Одним из центральных событий в истории монастыря XV века является посещение
его Пахомием Сербом, святогорцем, прославленным виртуозом в сочинении
текстов по всему спектру жанров церковно-служебной литературы. Составленное
им Житие Кирилла Белозерского обычно признается лучшим из агиографических
писаний бывшего афонского старца. Как сообщается в Житии, автора
командировали в Белозерскую обитель для сбора сведений о святом великий
князь Василий Темный и митрополит Феодосий, а поставщиком сведений о
Кирилле, помимо Мартиниана, был игумен Кассиан. Комбинация упоминаемых
действующих лиц позволяет датировать поездку 1461 — началом 1462 года,
причем труд по составлению Жития едва ли далеко отстоит от этих дат. Перед
нами выразительный пример московских связей Кириллова монастыря, равно и
южнославянского влияния, идущего через Москву и через стоящий на страже
московских интересов Троицкий монастырь. Последнее, кажется, подкрепляется
разысканиями Шибаева, который выявил в составе кирилловской рукописи РНБ,
Софийское собр., № 1248 автономную часть (но уже зафиксированную там описью
1480-х годов), содержащую одну из редакций Жития Сергия Радонежского в
автографе Пахомия Серба (с. 148; здесь же ссылка на издание текста). Водяной
знак в тетрадях, содержащих Житие Сергия, датируется началом 1440-х годов,
что служит свидетельством непрерывного взаимодействия двух монастырей, но не
обязательно предполагает дополнительный визит автора в обитель Кирилла
Белозерского. По мнению Шибаева (с. 226-232), с которым, правда, не согласен
С. Н. Кистерев, почерк Пахомия Логофета опознается также в одном из
сборников Ефросина Белозерского — в переписанном ими совместными усилиями
маленьком цикле афонских легенд (РНБ, Кирилло-Белозерское собр., № 22/1099,
л. 273 об. — 283 — часть рукописи, датирующаяся началом 1460-х годов).17
Тогда же, скорее всего, в монастырскую библиотеку попал южнославянский
кодекс, названный в древнейшем инвентаре «Соборник сербьской» (с. 39, № 90)
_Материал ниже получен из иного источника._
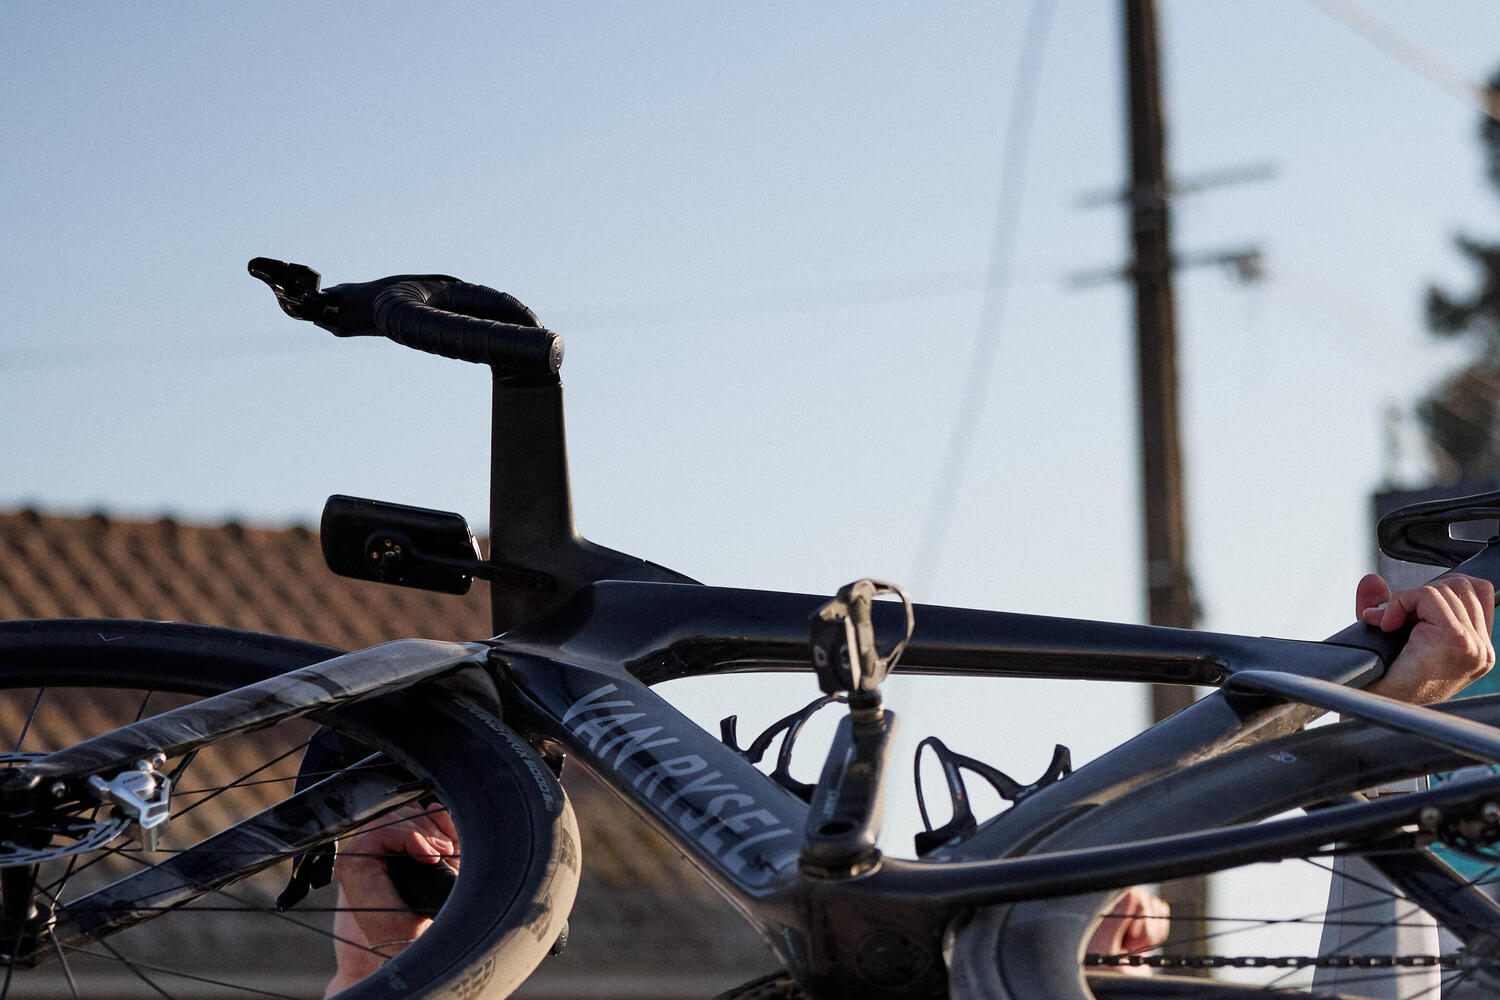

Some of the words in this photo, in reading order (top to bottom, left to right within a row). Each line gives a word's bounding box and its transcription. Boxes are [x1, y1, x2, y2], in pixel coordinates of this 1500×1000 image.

и надежно идентифицируемый как рукопись РНБ, Кирилло-Белозерское собр., №
32/1109.
Чтобы не нарушить относительную хронологию в череде кирилловских книжников,
нам предстоит сказать несколько слов о знаменитом Ефросине Белозерском.
Задача эта, прямо скажем, не из легких, потому что с 1961 года, когда Я. С.
Лурье впервые дал характеристику Ефросину как из ряда вон выходящему
литератору и книгописцу, «ефросиновский бум» стал набирать обороты и конца
ему пока не просматривается.18 Нужно признать, что основные составляющие
мифа о Ефросине уже заложены были Лурье: в частности, преимущественно на
сборниках белозерского книжника основана насилующая факты теория
исследователя об особенном спросе на беллетристику в России XV века
(«неполезные повести»), далее, его же мнение о религиозном вольномыслии и
едва ли не еретических взглядах составителя сборников, наконец, тезис Лурье
о политическом фрондерстве Ефросина, причастности его к созданному якобы в
Кирилловом монастыре неофициальному своду. Из этой вереницы домыслов порой
делается глобальный вывод — о склонности всех вообще кирилловских старцев «к
идейному экспериментированию».19 Сейчас Ефросин стал едва ли не самым известным литературным деятелем
Древней Руси, и наречение его «русским Леонардо да Винчи» (название
посвященного его сборникам интернет-ресурса в РНБ) не выглядит уже
экстравагантным. Нет такой догадки, касающейся нашего Леонардо, которая бы
не получила мгновенно силу закона: будь это прозвище «Требес», которое, не
усомнившись, присвоили миниатюристу Ефрему, иллюстрировавшему для Ефросина
«Александрию»,20 или идея о связи цитируемого (по – видимому, Ефросином)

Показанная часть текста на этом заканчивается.